** Opening Extracted entries block **
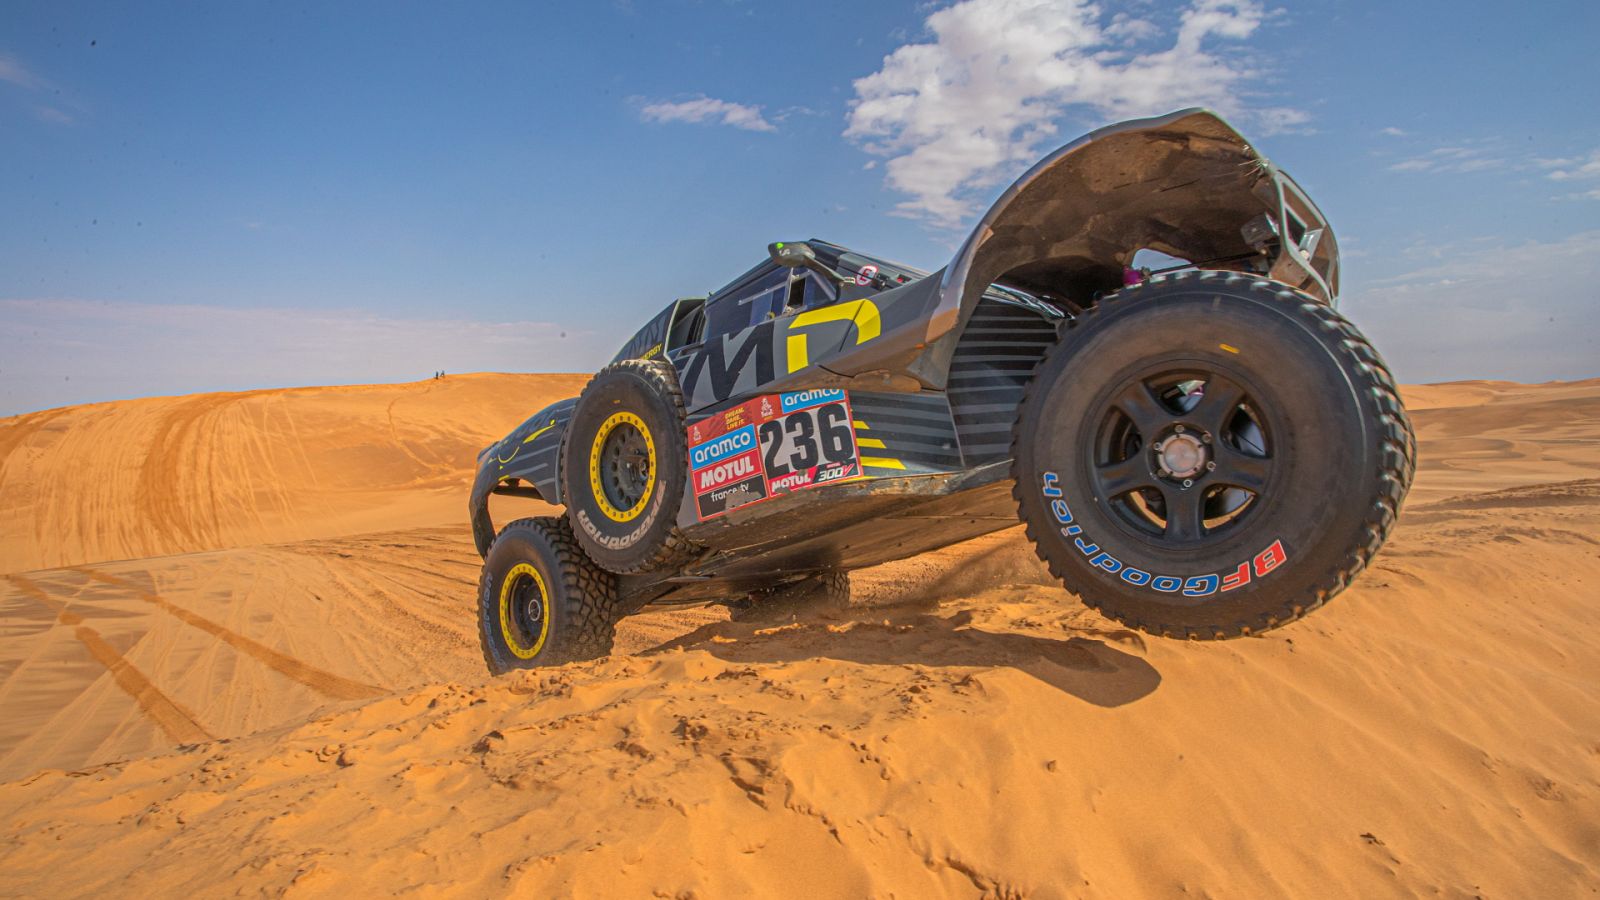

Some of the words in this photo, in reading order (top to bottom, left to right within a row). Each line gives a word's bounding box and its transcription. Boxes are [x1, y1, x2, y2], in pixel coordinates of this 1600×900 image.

[784, 388, 840, 406] aramco
[694, 431, 751, 463] aramco
[759, 402, 856, 478] 236
[700, 456, 755, 489] MOTUL
[771, 472, 811, 493] MOTUL
[817, 463, 856, 482] 300V
[1042, 471, 1287, 597] BFGoodrich
** Closing Extracted entries block **
_What to work on_. Copy every line above exactly; images stay out.

_Exercise solution_.
Some of the words in this photo, in reading order (top to bottom, left to right within a row). Each line gives a word's bounding box and its transcription. Boxes are [x1, y1, x2, y2], in pixel coordinates of this 1600×900 image.

[784, 388, 840, 406] aramco
[694, 431, 751, 463] aramco
[759, 402, 856, 478] 236
[700, 456, 755, 489] MOTUL
[771, 472, 811, 493] MOTUL
[817, 463, 856, 482] 300V
[1042, 471, 1287, 597] BFGoodrich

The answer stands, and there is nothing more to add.